Peristiwa ini menjadi catatan kelam di tengah upaya pemerintah daerah menampilkan wajah Ciamis yang indah, berbudaya, dan ramah. Padahal, Galuh Ethnic Ciamis Carnival digelar sebagai wujud kebanggaan akan warisan leluhur Kerajaan Galuh, sekaligus daya tarik wisata budaya yang mengundang warga dari berbagai penjuru wilayah hingga luar daerah untuk hadir.
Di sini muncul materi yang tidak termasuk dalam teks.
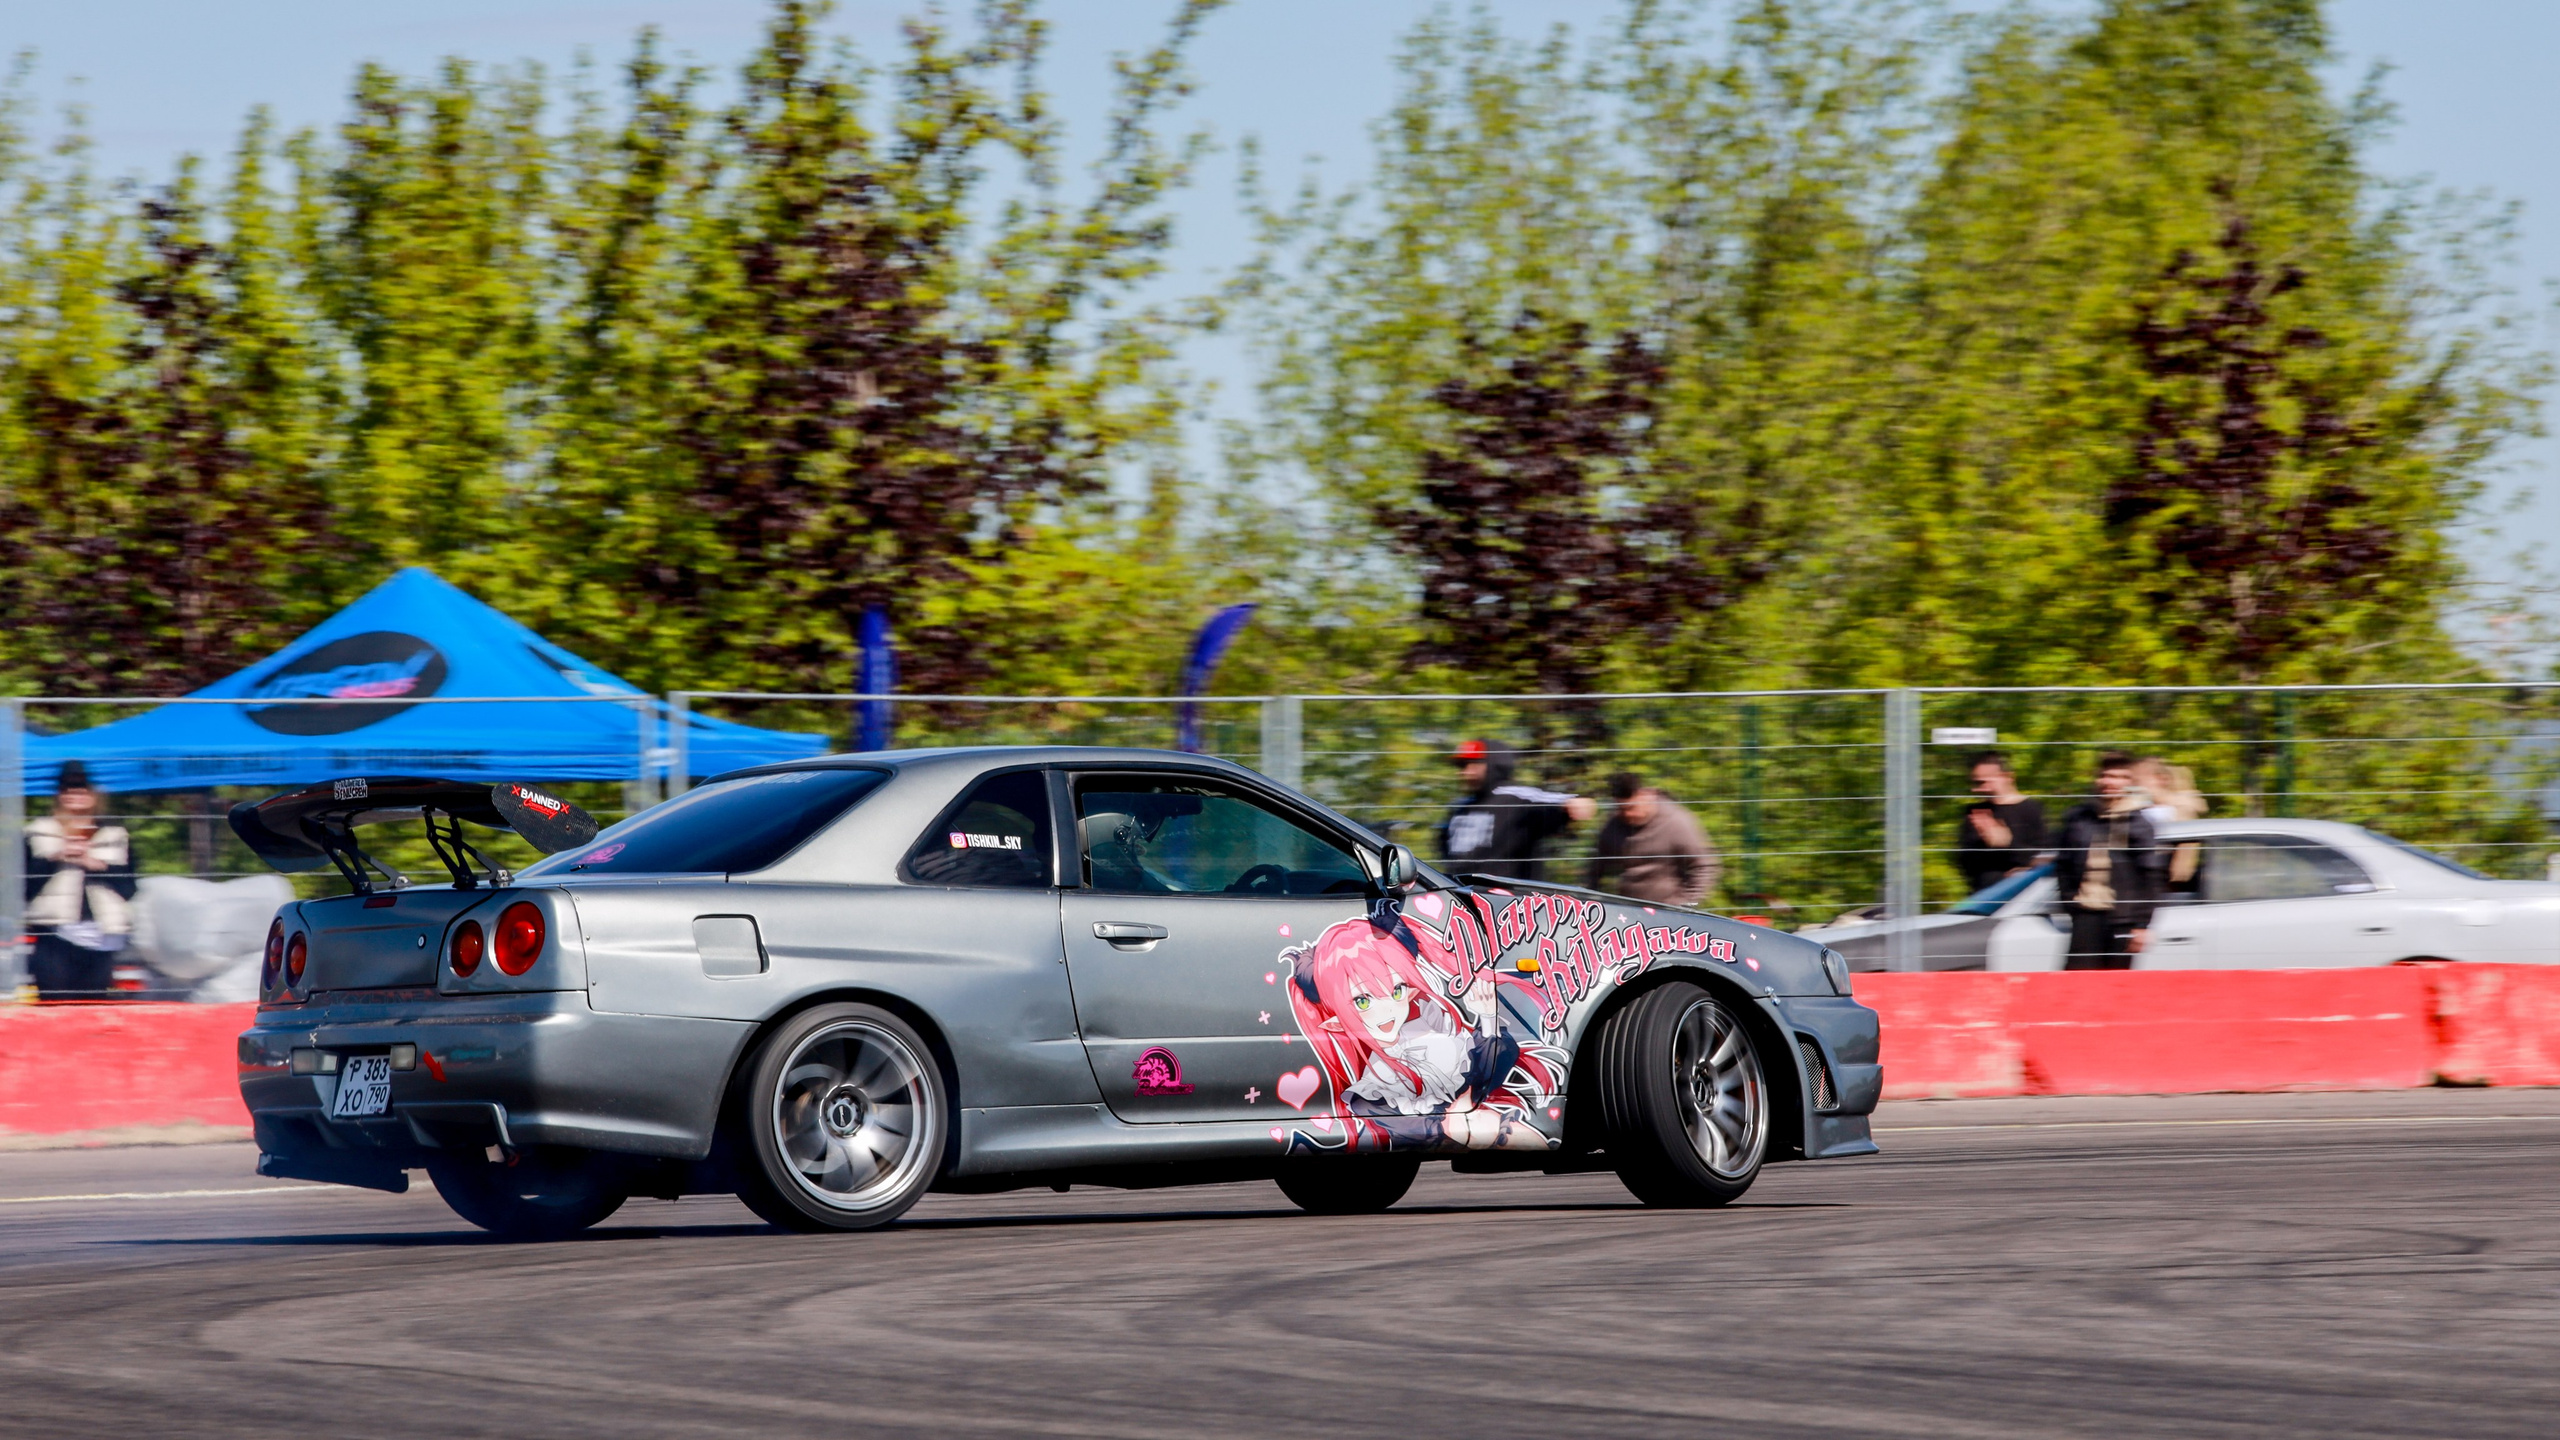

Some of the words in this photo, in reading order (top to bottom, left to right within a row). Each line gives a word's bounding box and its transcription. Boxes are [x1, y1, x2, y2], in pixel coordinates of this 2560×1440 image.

[965, 833, 1022, 850] TISHKIN_SKY
[364, 1058, 390, 1081] 383
[368, 1086, 387, 1105] 790
Kepadatan pengunjung yang menjadi bukti antusiasme masyarakat justru menjadi celah keamanan yang belum tertangani sepenuhnya. Meski terlihat petugas keamanan dan satpol PP berkeliling di beberapa titik, aksi pencopetan tetap terjadi karena sulitnya mengawasi setiap sudut di tengah ribuan warga yang berdesak-desakan.

Ade Munandar yang biasa di panggil Ade Sapujagat merupakan suami dari korban merasa kecewa dengan ulah tangan panjang yang beraksi dalam kegiatan yang bersejarah , ia berharap  seluruh pengunjung agar lebih waspada dan menjaga ketat barang bawaan.

“Kehilangan satu unit HP ini menjadi pengingat pahit bahwa di balik kemeriahan perayaan dan keindahan pertunjukan budaya, ancaman kejahatan tetap mengintai. Warga berharap ke depannya, penyelenggaraan acara besar serupa tidak hanya memprioritaskan kemegahan panggung dan atraksi, tetapi juga memperkuat pengamanan dan kenyamanan pengunjung, agar momen istimewa Hari Jadi Kabupaten Ciamis tidak lagi ternoda oleh kerugian seseorang  akibat ulah tangan panjang” tegas Ade Sapujagat.

Hingga berita ini ditayangkan, korban telah melaporkan kejadian tersebut ke pihak berwajib untuk ditindaklanjuti, sementara kegiatan karnaval tetap berjalan lancar hingga selesai dengan pengamanan yang diperketat.